■ Task to carry out:
Your job is to retype the records exactly while dropping every picture.

[Data excerpts]

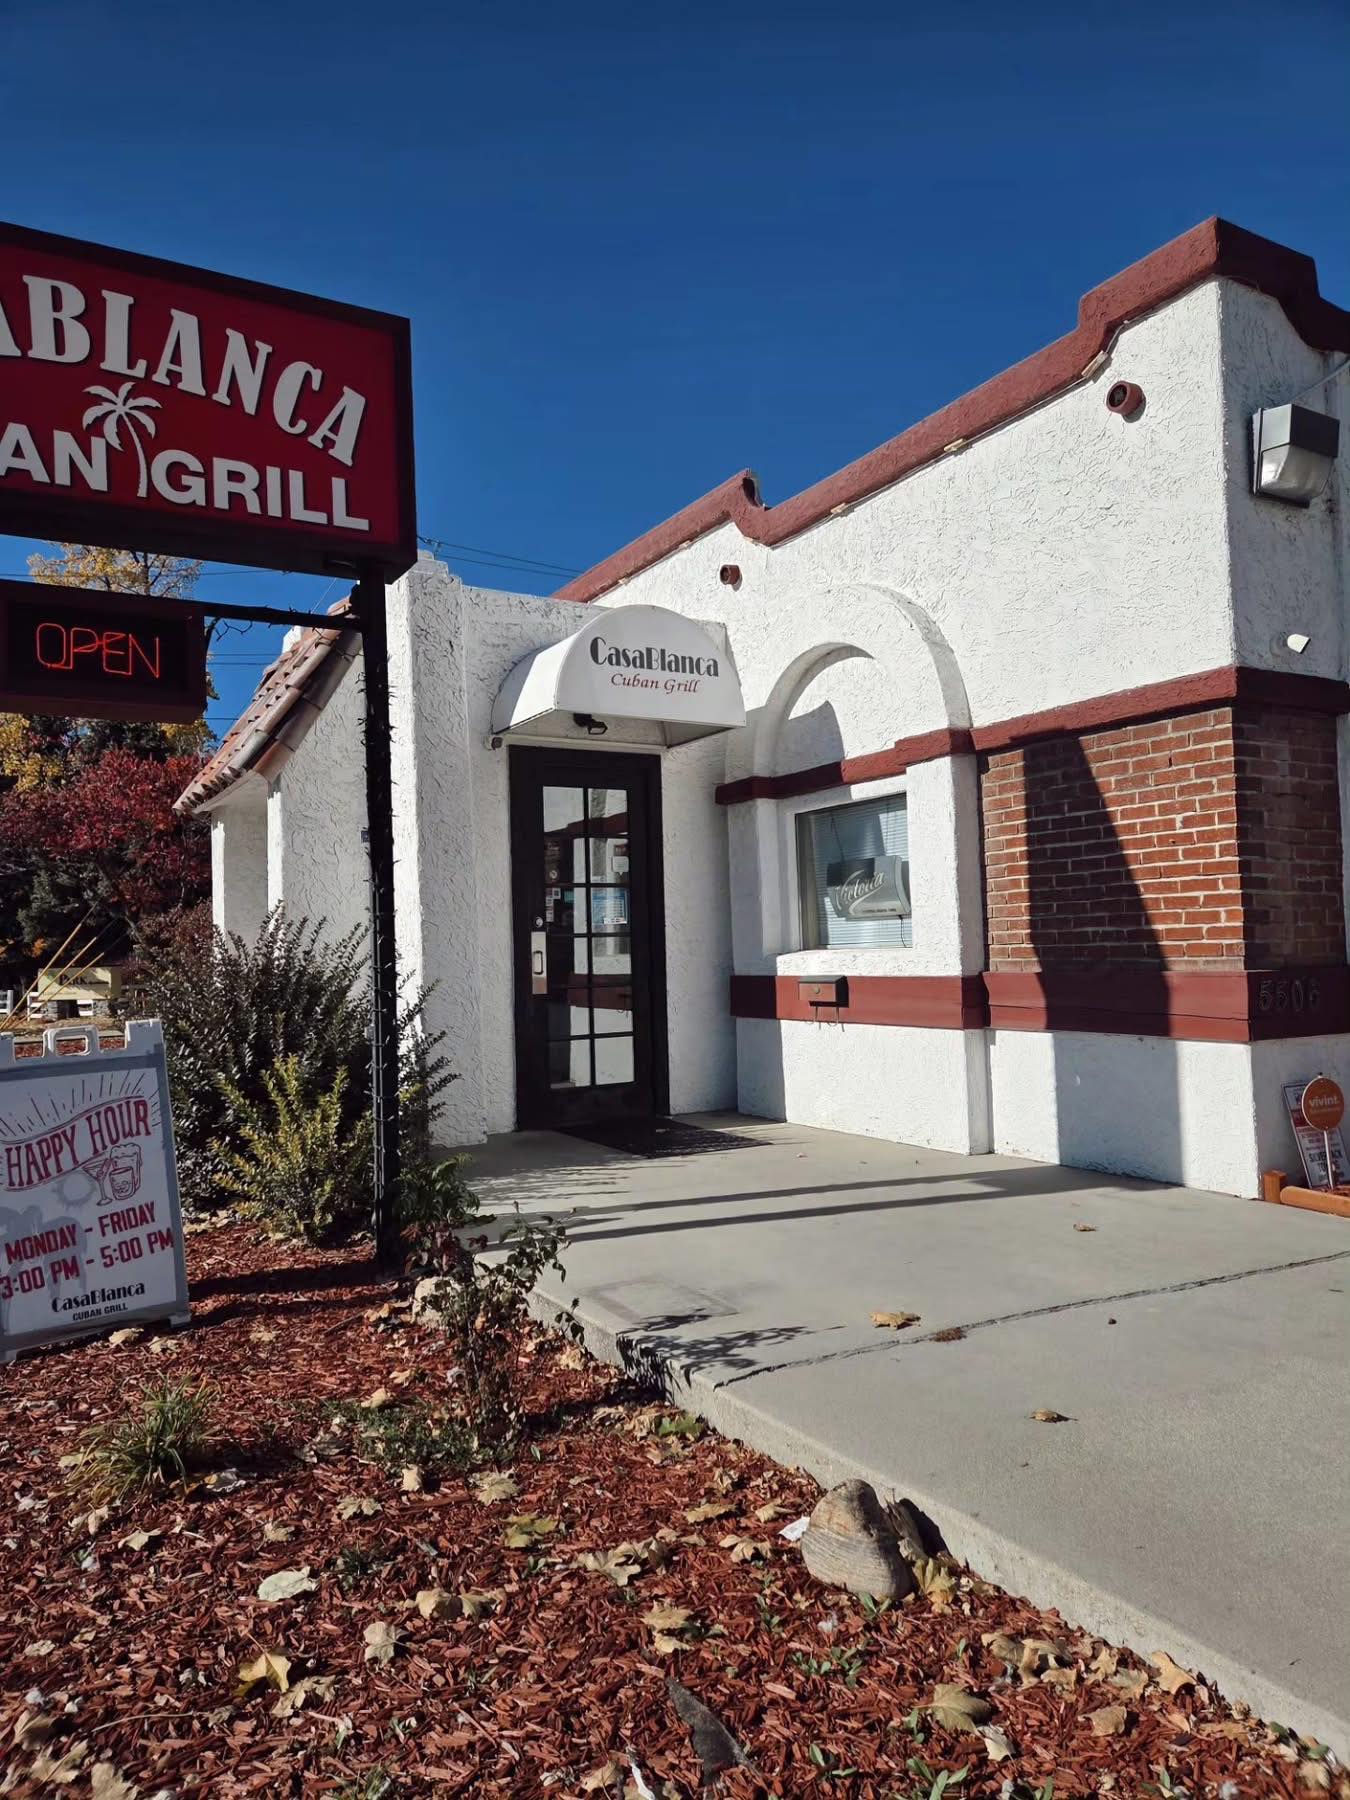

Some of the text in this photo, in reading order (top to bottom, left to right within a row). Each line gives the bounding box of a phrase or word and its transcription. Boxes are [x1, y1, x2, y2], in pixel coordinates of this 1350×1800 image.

[150, 450, 369, 531] GRILL
[36, 623, 159, 678] OPEN
[590, 637, 719, 677] CasaBlanca
[611, 673, 701, 694] Cuban Grill
[4, 1099, 152, 1187] HAPPY HOUR
[5, 1224, 77, 1265] MONDAY
[98, 1202, 156, 1237] FRIDAY
[0, 1266, 46, 1300] 3:00
[50, 1256, 81, 1284] PM
[100, 1236, 143, 1268] 5:00
[147, 1228, 174, 1254] PM
[51, 1282, 146, 1313] CasaBlanca
[72, 1303, 129, 1321] CUBAN GRILL

■ Reply to the exercise:
Some of the text in this photo, in reading order (top to bottom, left to right within a row). Each line gives the bounding box of a phrase or word and its transcription. Boxes are [x1, y1, x2, y2], in pixel coordinates of this 1350×1800 image.

[150, 450, 369, 531] GRILL
[36, 623, 159, 678] OPEN
[590, 637, 719, 677] CasaBlanca
[611, 673, 701, 694] Cuban Grill
[4, 1099, 152, 1187] HAPPY HOUR
[5, 1224, 77, 1265] MONDAY
[98, 1202, 156, 1237] FRIDAY
[0, 1266, 46, 1300] 3:00
[50, 1256, 81, 1284] PM
[100, 1236, 143, 1268] 5:00
[147, 1228, 174, 1254] PM
[51, 1282, 146, 1313] CasaBlanca
[72, 1303, 129, 1321] CUBAN GRILL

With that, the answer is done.